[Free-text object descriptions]
<<<<
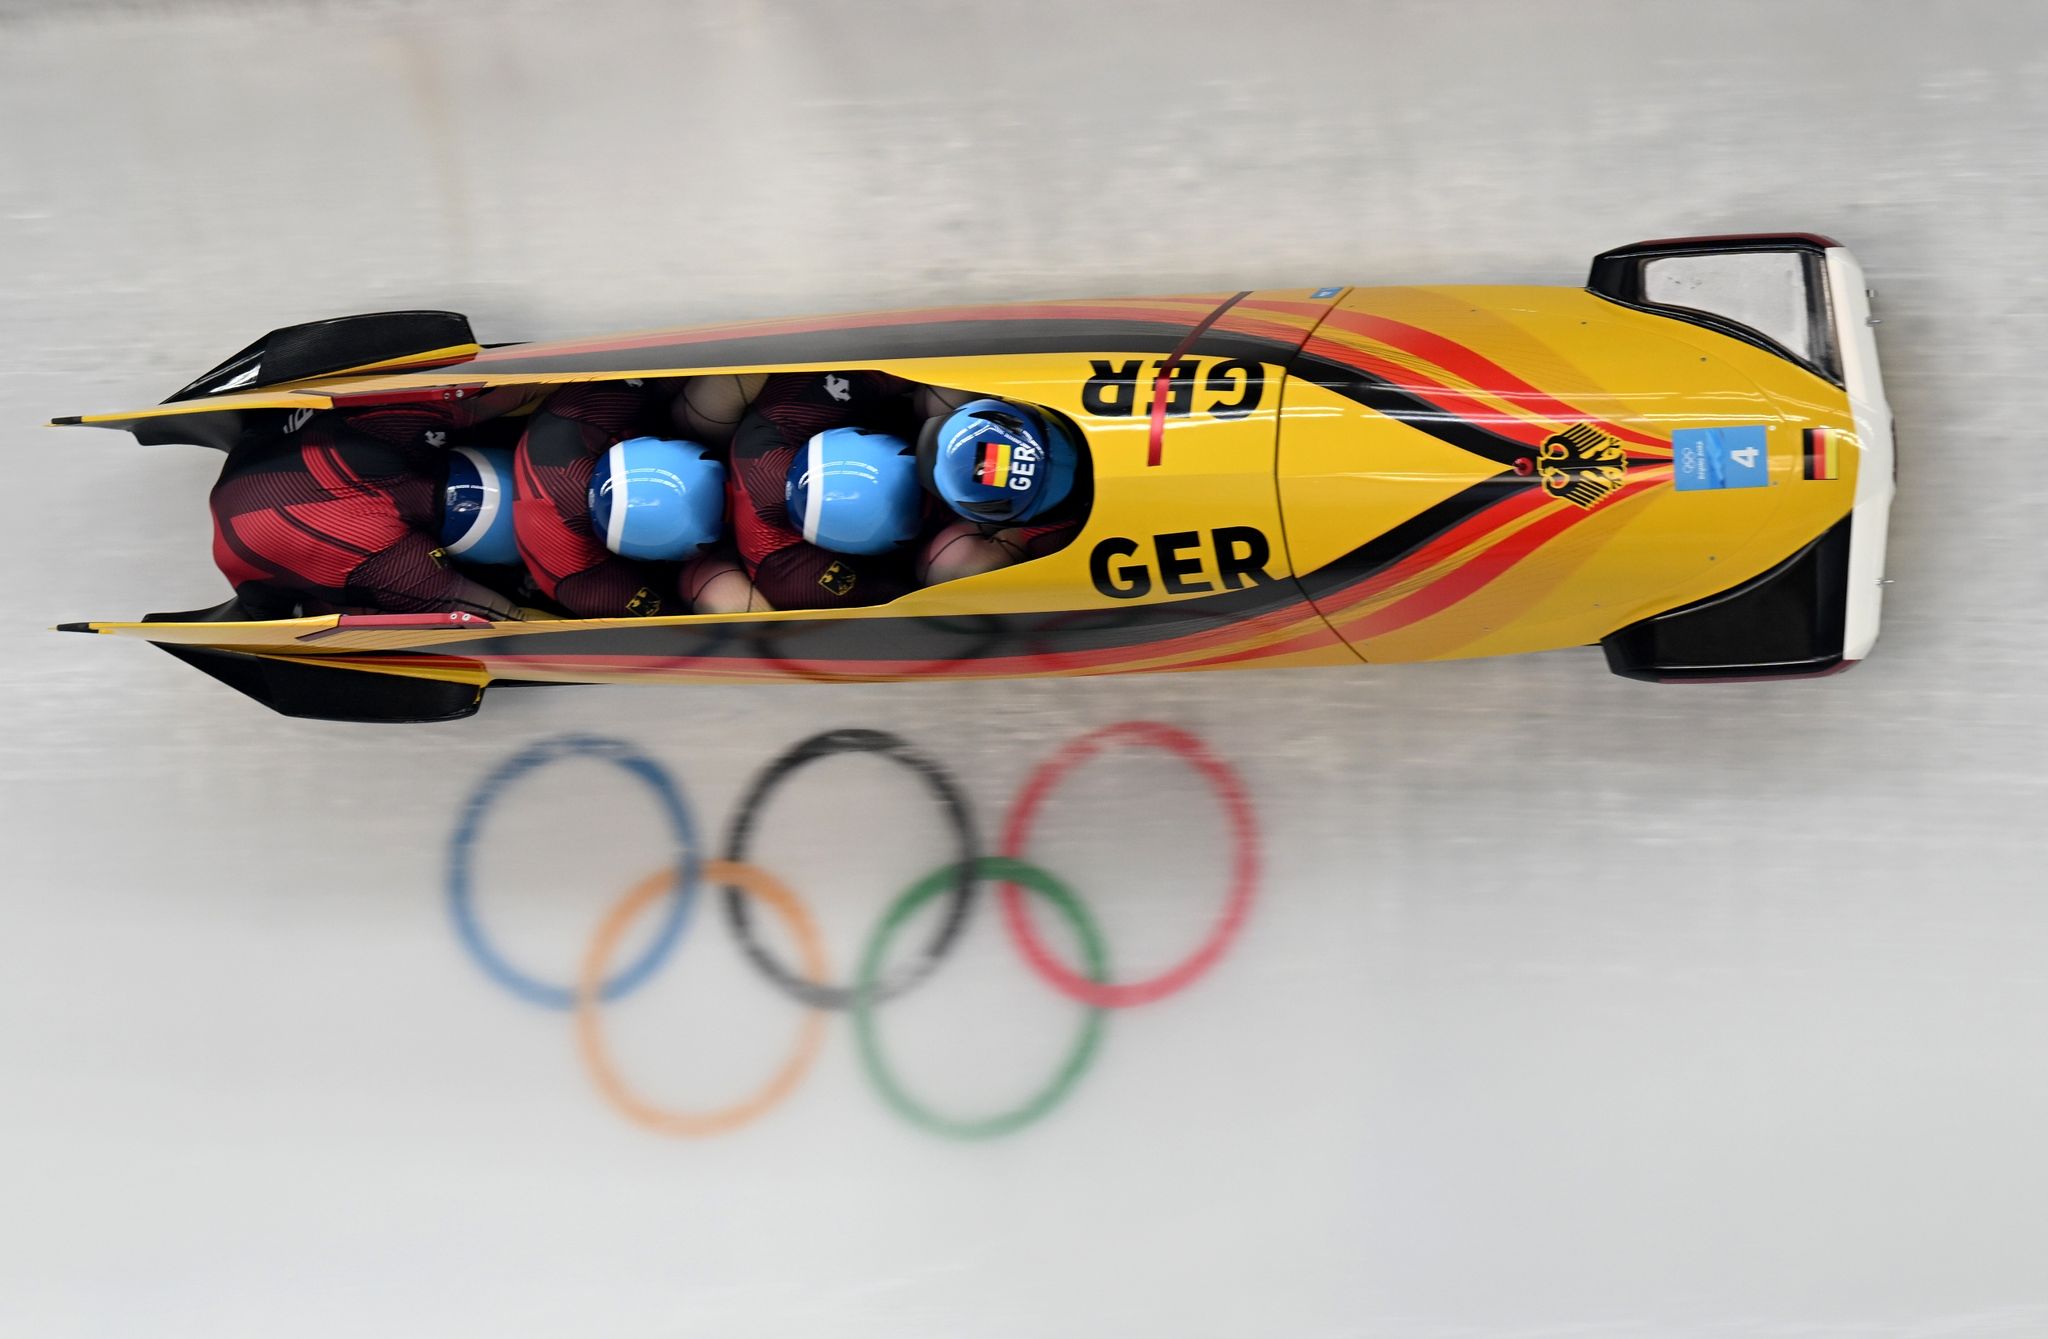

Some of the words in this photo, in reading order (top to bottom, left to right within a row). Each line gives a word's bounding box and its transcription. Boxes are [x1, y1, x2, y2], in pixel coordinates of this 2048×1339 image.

[1081, 358, 1265, 420] GER
[1009, 445, 1036, 491] GER
[1730, 446, 1760, 469] 4
[1089, 525, 1275, 599] GER
>>>>
Each record should be given again exactly, with no picture carried over.

Some of the words in this photo, in reading order (top to bottom, left to right within a row). Each line gives a word's bounding box and its transcription. Boxes are [x1, y1, x2, y2], in pixel coordinates of this 2048×1339 image.

[1081, 358, 1265, 420] GER
[1009, 445, 1036, 491] GER
[1730, 446, 1760, 469] 4
[1089, 525, 1275, 599] GER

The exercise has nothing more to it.